Similarly, many have posted pictures of nativity scenes with a tongue-in-cheek quip, “I’m so glad people are placing these lawn ornaments in their yards to indicate that they welcome refugees into their homes.”

Myriad articles have been published encouraging Christians to remember our calling to welcome the refugee, and as an ordained clergywoman, I affirm these thoughts. I believe it is our responsibility, as Christians and particularly as feminist Christians, to welcome the marginalized, the oppressed, the refugee. I am also a strong believer in the separation of church and state, a distinctive imperative both to my Baptist tradition and to my home country of the United States. So, in many ways, it doesn’t really matter politically that my faith tradition teaches me to welcome the refugee because my country is not a Christian nation, but it does matter that the primary symbol of my country—the Statue of Liberty—proclaims boldly and without apology: “Give me your tired, your poor, Your huddled masses yearning to breathe free, The wretched refuse of your teeming shore. Send these, the homeless, tempest-tossed to me, I lift my lamp beside the golden door!”

It seems that much of the essence of my faith tradition and my country embolden me to welcome the outcast, the marginalized, the poor, the refugee. Even if they’re from Syria. Especially if they’re from Syria.
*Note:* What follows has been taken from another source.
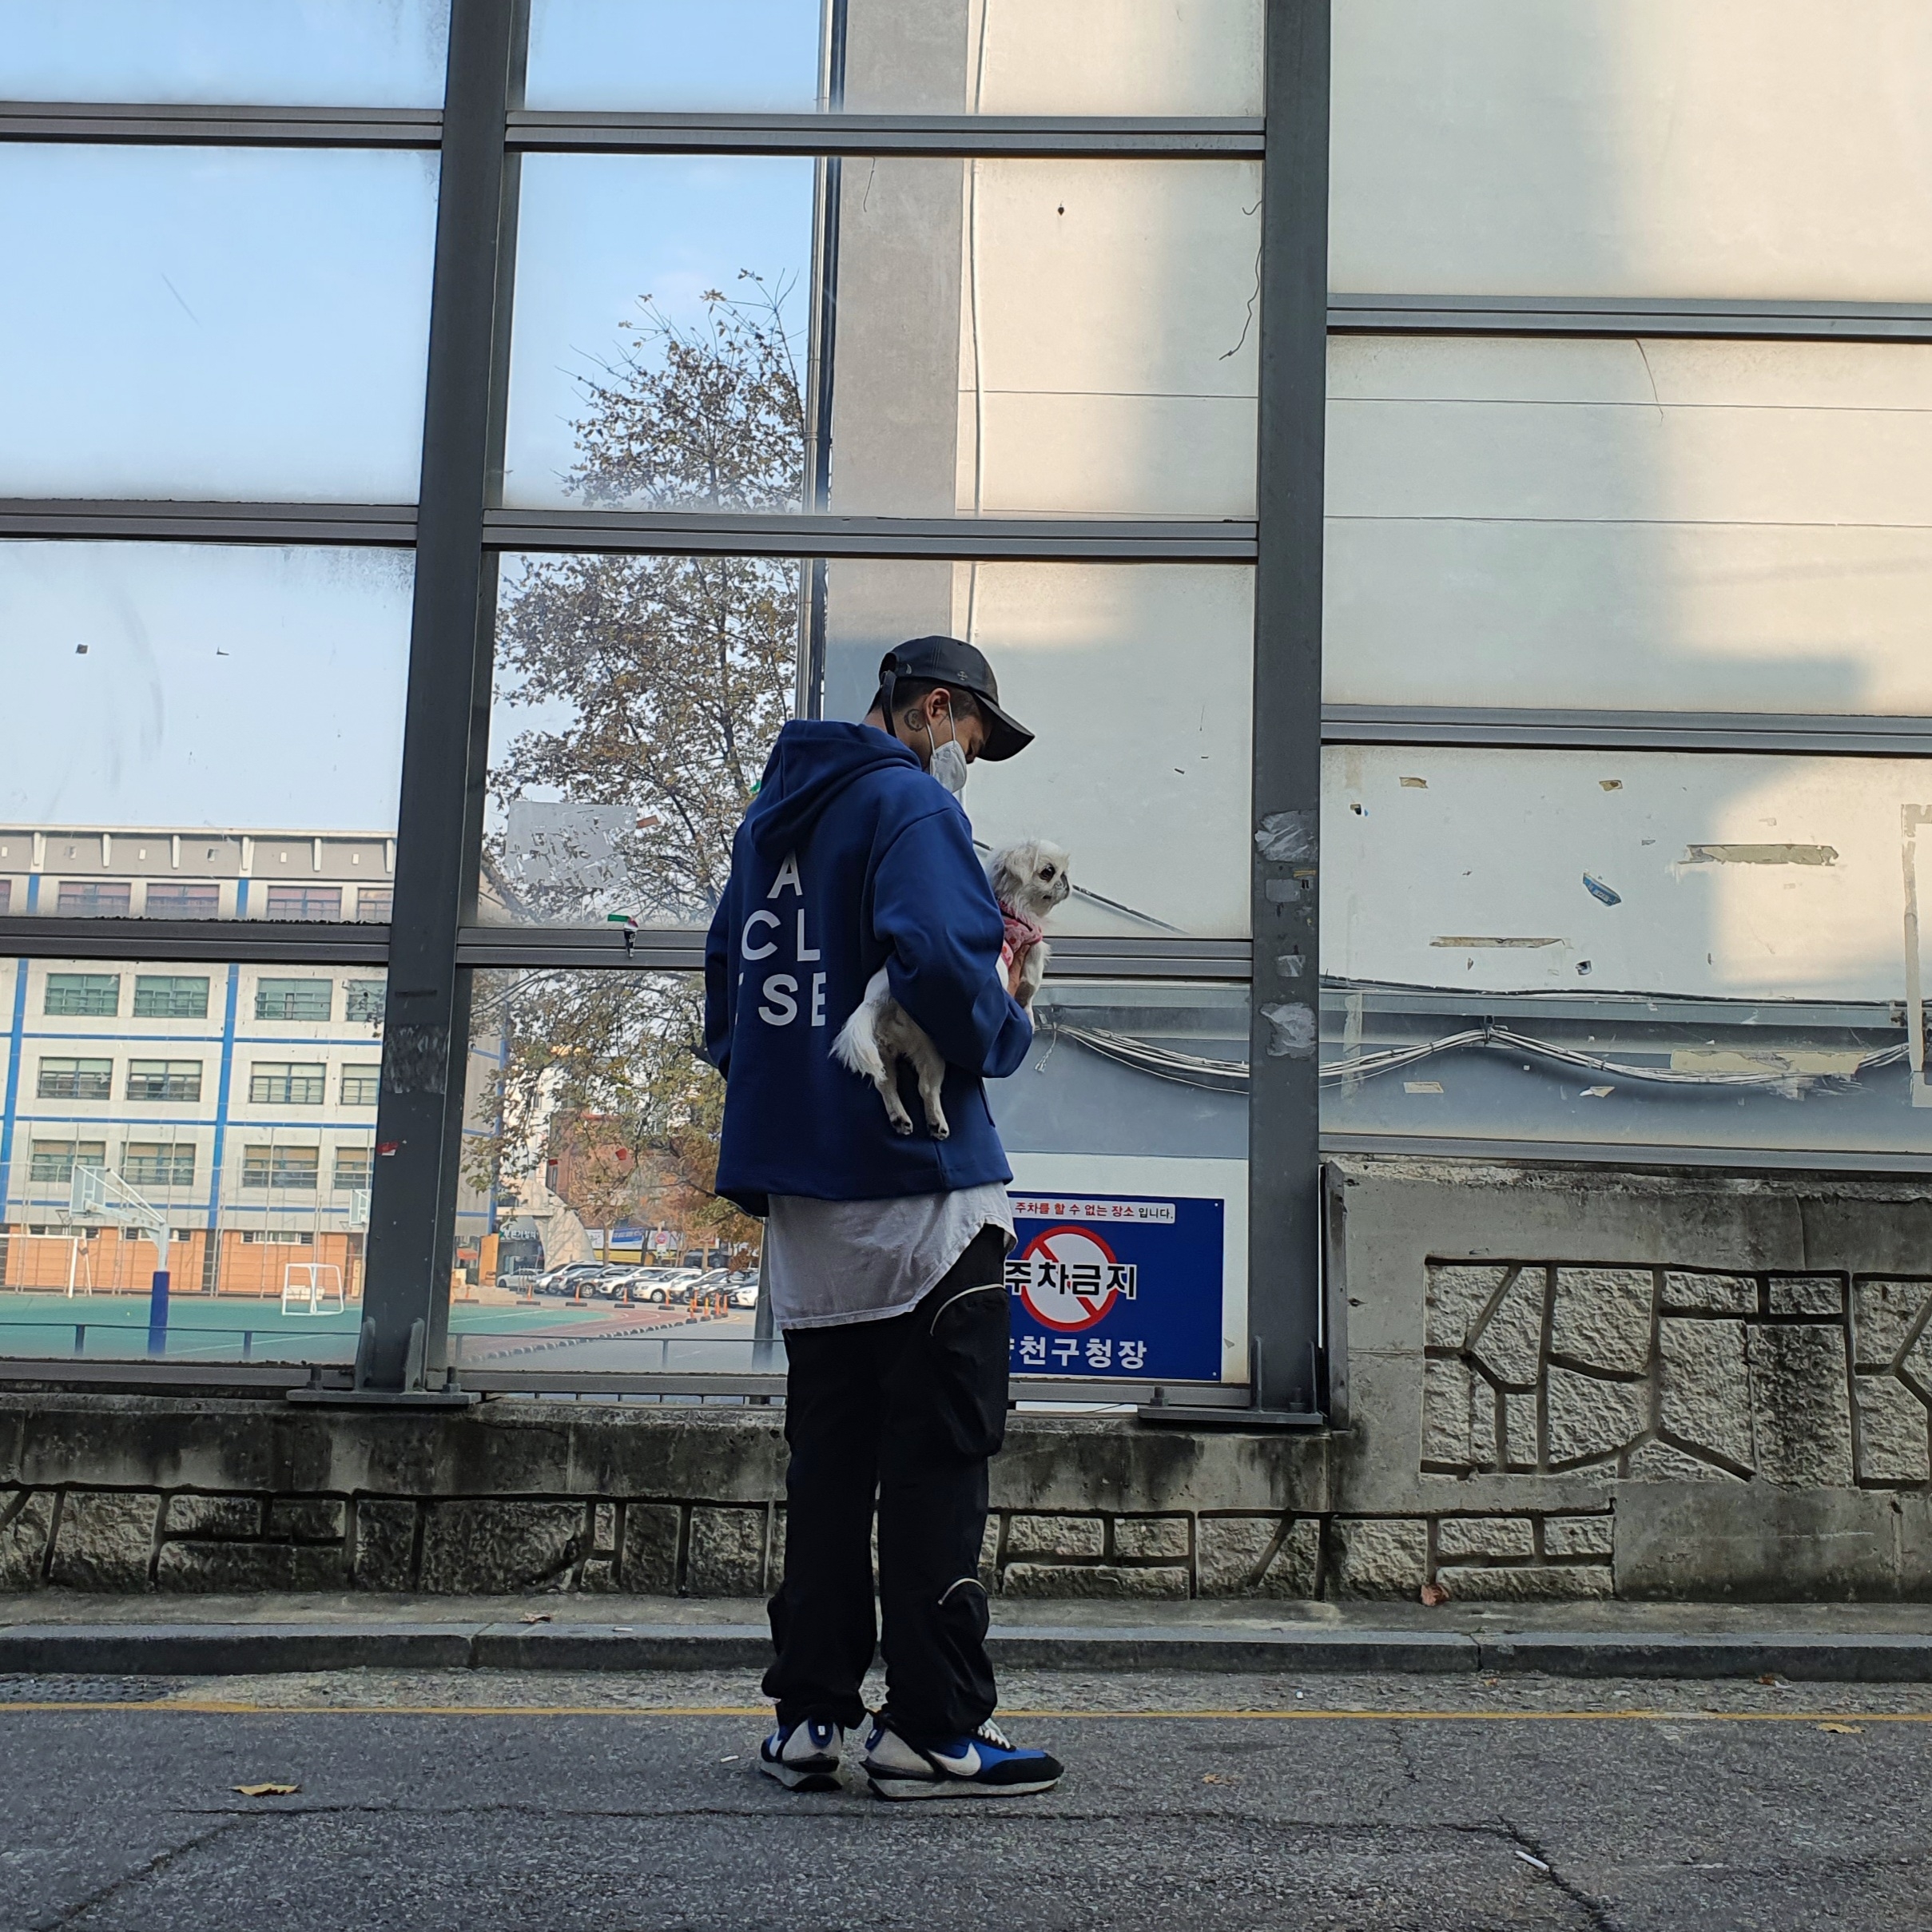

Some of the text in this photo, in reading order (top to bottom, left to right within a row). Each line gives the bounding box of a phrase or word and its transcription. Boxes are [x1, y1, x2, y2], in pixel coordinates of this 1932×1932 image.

To me, this seems obvious, but too many in our country, and within my faith tradition, it is taboo, absurd, antithetical to all that the country or the Christian should stand for. While I think there is more nuancing necessary than what is embossed in the bumper sticker, meme, or pithy quote, I also think the essence rings true. Did Mary, Joseph, and the newborn Jesus fit the exact definition one uses to describe refugees today? Probably not. Is the situation precisely the same? No. But I do think that there is something to be said about an unwed teenage mother finding refuge in an unlikely place in the face of wonder, misunderstanding, and chaos. I think there is something this unwed teenage mother, huddled with her infant in a dank and smelly manger (or so the story goes), can teach us about welcoming those who are different.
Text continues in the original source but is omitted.